> **Task requirements**
Across all the entries, how many lines hold "POLITICAL"? Answer with that number and nothing else.

(Phrase grounding data)
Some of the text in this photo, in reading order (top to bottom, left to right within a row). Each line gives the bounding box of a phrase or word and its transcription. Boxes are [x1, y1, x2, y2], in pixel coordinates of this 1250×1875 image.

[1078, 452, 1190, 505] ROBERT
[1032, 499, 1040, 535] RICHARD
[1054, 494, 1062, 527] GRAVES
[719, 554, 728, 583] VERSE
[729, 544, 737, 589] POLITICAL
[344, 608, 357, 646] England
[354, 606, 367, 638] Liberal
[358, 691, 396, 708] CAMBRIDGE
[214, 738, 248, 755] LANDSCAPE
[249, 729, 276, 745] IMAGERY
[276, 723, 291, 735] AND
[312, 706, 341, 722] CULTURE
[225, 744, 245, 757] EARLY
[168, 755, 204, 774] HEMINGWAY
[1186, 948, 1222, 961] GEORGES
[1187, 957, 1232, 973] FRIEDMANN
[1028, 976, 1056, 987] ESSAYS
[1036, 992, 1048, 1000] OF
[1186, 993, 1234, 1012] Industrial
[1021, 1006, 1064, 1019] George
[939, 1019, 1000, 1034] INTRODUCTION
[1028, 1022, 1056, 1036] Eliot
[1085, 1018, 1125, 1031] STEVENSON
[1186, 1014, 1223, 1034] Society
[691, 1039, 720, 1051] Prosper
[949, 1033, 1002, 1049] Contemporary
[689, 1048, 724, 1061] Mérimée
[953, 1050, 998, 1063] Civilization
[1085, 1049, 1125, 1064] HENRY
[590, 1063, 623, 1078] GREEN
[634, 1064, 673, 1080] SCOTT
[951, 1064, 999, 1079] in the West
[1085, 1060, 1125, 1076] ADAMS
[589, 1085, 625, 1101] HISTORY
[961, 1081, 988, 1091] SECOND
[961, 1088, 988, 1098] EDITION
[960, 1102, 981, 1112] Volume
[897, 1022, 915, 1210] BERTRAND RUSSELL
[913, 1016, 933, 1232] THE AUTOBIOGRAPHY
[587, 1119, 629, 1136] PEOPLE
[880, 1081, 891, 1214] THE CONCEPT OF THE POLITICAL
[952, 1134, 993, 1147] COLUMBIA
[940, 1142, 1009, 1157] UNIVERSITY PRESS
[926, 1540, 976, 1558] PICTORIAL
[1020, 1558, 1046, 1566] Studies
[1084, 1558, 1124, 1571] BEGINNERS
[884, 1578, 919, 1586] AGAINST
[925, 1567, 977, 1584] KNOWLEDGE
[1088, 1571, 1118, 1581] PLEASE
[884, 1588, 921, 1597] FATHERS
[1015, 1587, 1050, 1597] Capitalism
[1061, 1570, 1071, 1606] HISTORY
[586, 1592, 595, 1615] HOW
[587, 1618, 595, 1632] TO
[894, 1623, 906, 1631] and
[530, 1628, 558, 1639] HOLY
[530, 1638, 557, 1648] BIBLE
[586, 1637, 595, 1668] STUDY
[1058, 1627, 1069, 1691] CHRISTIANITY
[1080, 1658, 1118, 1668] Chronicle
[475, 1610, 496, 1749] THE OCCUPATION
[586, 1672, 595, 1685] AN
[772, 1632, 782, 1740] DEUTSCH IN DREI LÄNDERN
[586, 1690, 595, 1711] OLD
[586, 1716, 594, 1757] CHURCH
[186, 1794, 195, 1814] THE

> **Result**
2